Free-text object descriptions
________
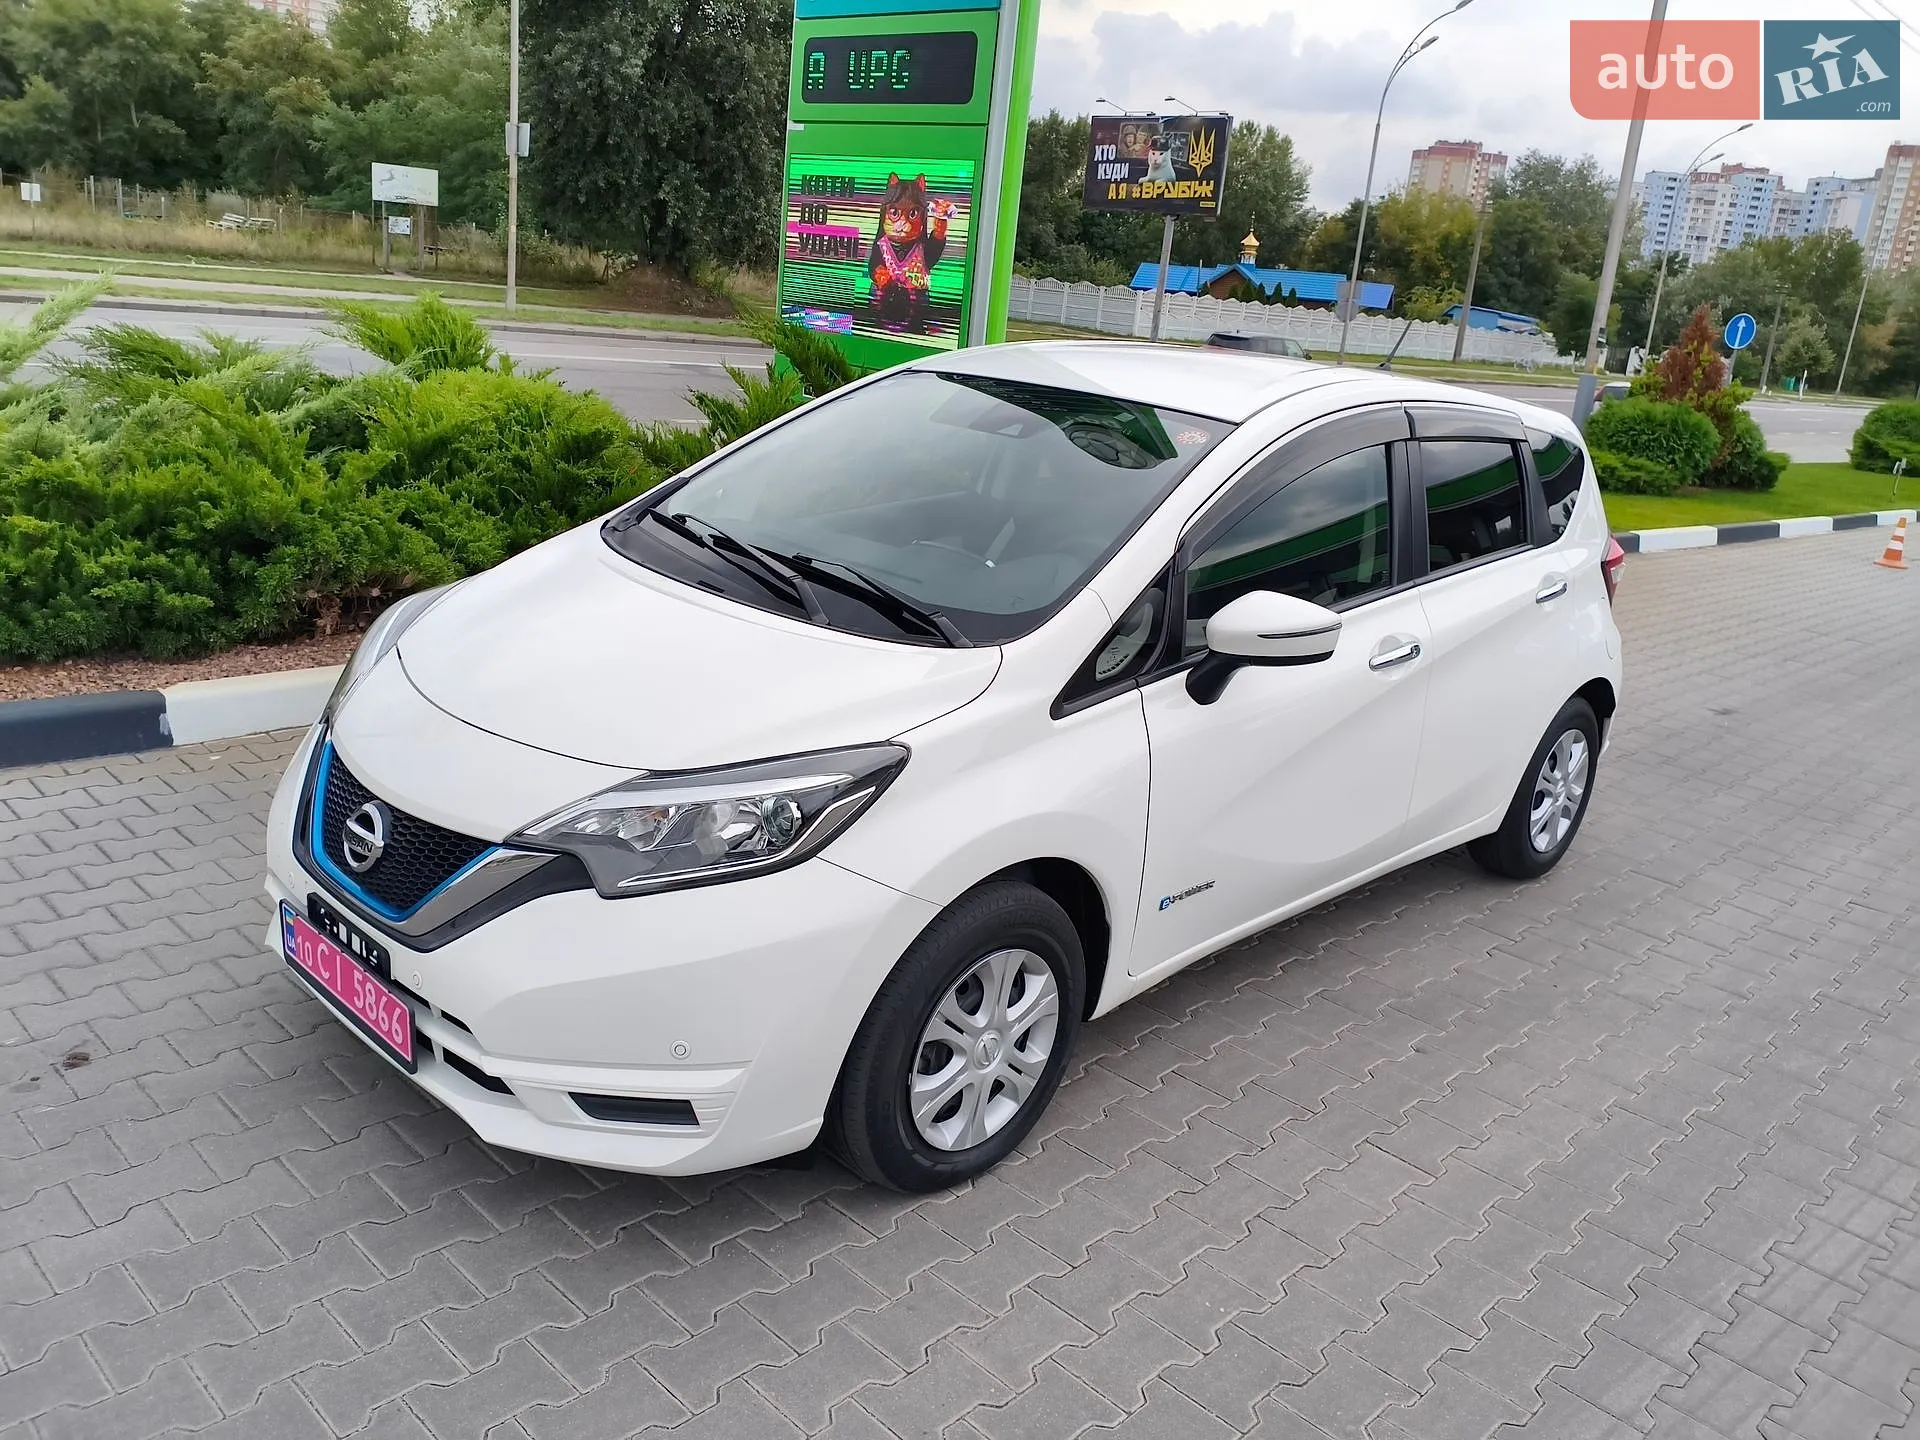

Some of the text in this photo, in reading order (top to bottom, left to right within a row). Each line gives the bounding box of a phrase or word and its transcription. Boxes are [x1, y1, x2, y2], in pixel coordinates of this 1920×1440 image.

[849, 50, 911, 89] UPG
[1094, 145, 1117, 161] ХТО
[1097, 163, 1129, 182] КУДИ
[1108, 184, 1117, 200] А
[1118, 183, 1127, 200] Я
[287, 933, 296, 951] UA
[353, 969, 403, 1046] 5866
________
[WHAT THE TASK REQUIRES]
Nothing but the records above, retyped exactly and stripped of images, should appear in the answer.

[REPLY TO THE EXERCISE]
Some of the text in this photo, in reading order (top to bottom, left to right within a row). Each line gives the bounding box of a phrase or word and its transcription. Boxes are [x1, y1, x2, y2], in pixel coordinates of this 1920×1440 image.

[849, 50, 911, 89] UPG
[1094, 145, 1117, 161] ХТО
[1097, 163, 1129, 182] КУДИ
[1108, 184, 1117, 200] А
[1118, 183, 1127, 200] Я
[287, 933, 296, 951] UA
[353, 969, 403, 1046] 5866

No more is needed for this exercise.